The popularity of restorative justice programs exploded during the Obama administration, when the U.S. Department of Education issued a warning to school districts: Fix the racial disparity in school discipline numbers or face an investigation and the potential loss of federal funds. Restorative justice offered a quick way for schools to reduce those numbers because students almost never got disciplinary referrals. But bad behavior did not suddenly disappear, Eden noted, citing Cruz as a prime example.
In Broward County, students must be referred to the Promise Program four times before school administrators may involve law enforcement. That discourages administrators from calling the police even after serious threats. Students at Stoneman Douglas told administrators Cruz had threatened to kill people, in writing, but school officials did nothing about it, Eden said.

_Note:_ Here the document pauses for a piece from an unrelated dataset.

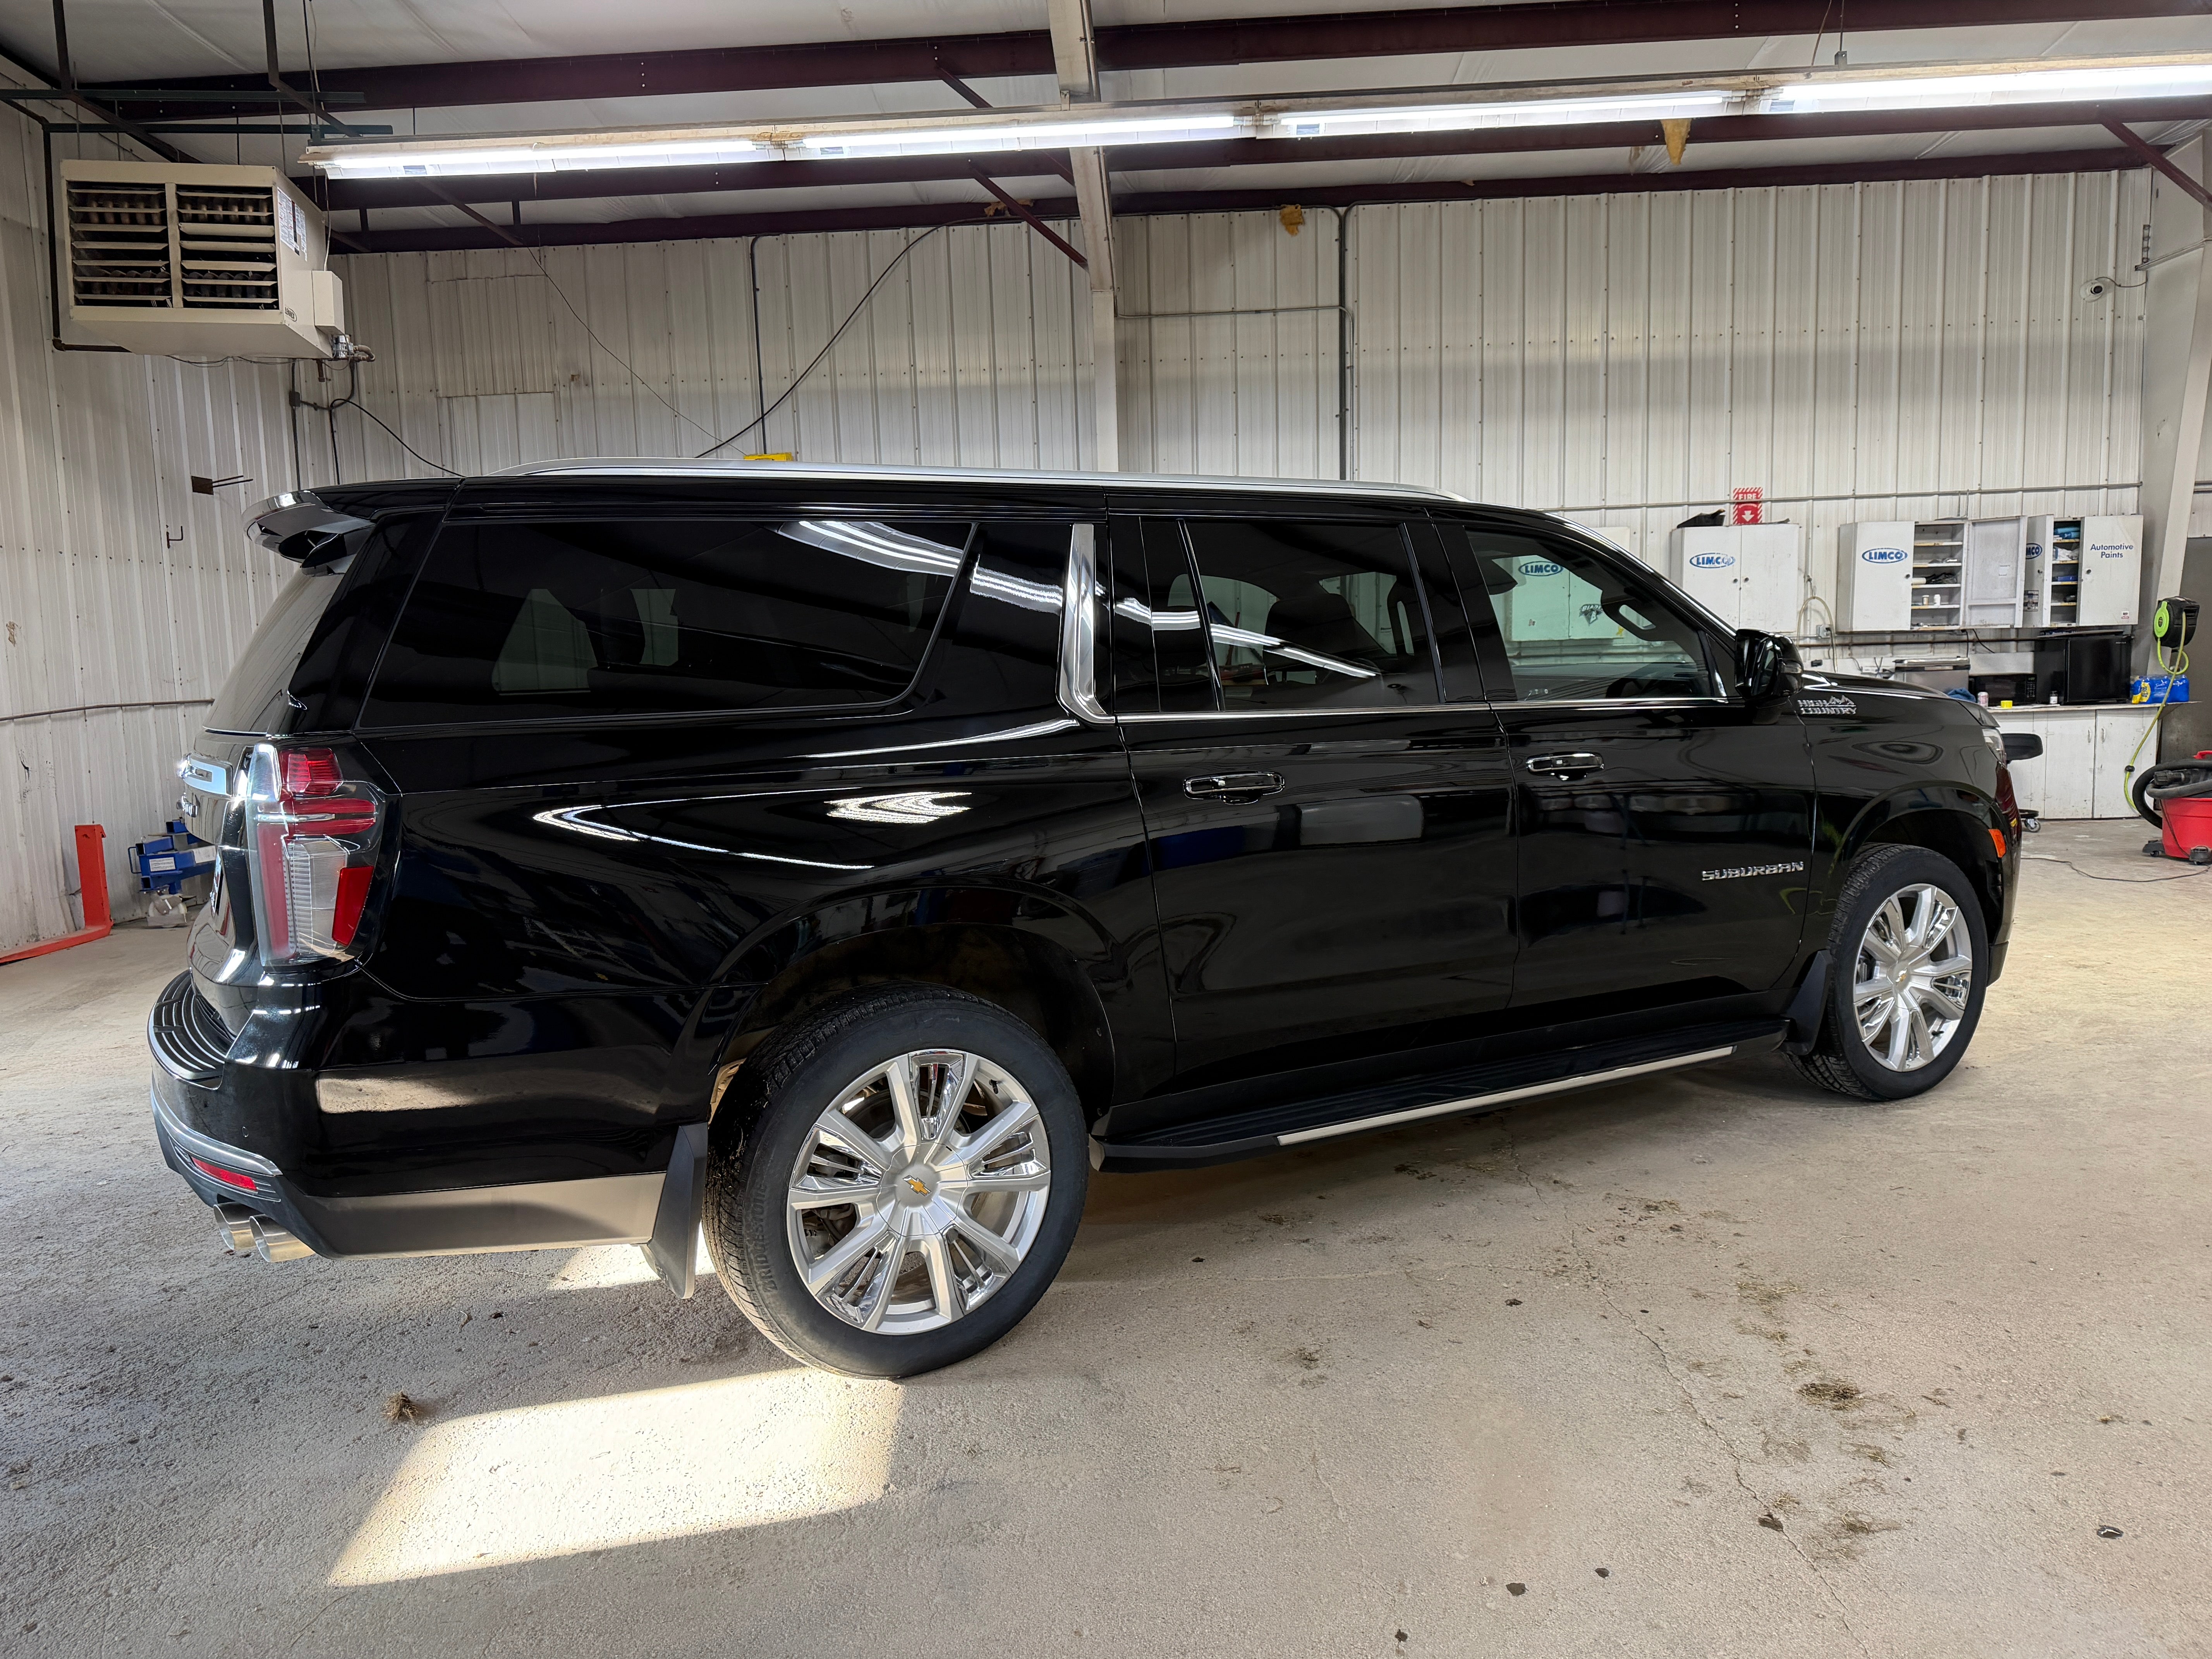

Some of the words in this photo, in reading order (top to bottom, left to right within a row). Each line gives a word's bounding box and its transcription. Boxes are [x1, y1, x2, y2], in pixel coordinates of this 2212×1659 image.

“The administrators were doing what they were pressured to do, which is try to avoid students getting in trouble, especially into serious trouble,” he noted.
While criticism of restorative justice mounted after the Parkland shooting, opponents have tried for the last 18 months to persuade the Trump administration to rescind the school discipline directive to no avail.
Eden believes lobbying by civil rights activists, who tie school discipline to racism, have made it nearly impossible for Education Secretary Betsy DeVos to disavow the restorative justice approach.
“It will be a very difficult move for her to make in terms of public relations, and every time she steps forward to speak about it, her words are not always well chosen, and she ends up taking a little bit of a shellacking in the press,” Eden said.
That same public relations pressure makes it highly unlikely school districts will abandon restorative justice, even though it’s not working the way proponents intended. Eden compared the reality to the plot of the popular HBO crime drama The Wire. The mayor wants crime to go down, so the police chief orders his deputies to ignore lawbreaking.
“If you slap a nice moniker of restorative justice on that, it looks like a victory,” Eden said. “So I think broadly, restorative justice has been more of a fig leaf to cover up this systematic suppression of teachers’ good judgments. It can work, but I don't think it's likely to work if it's being driven from the top down rather than from the bottom up.”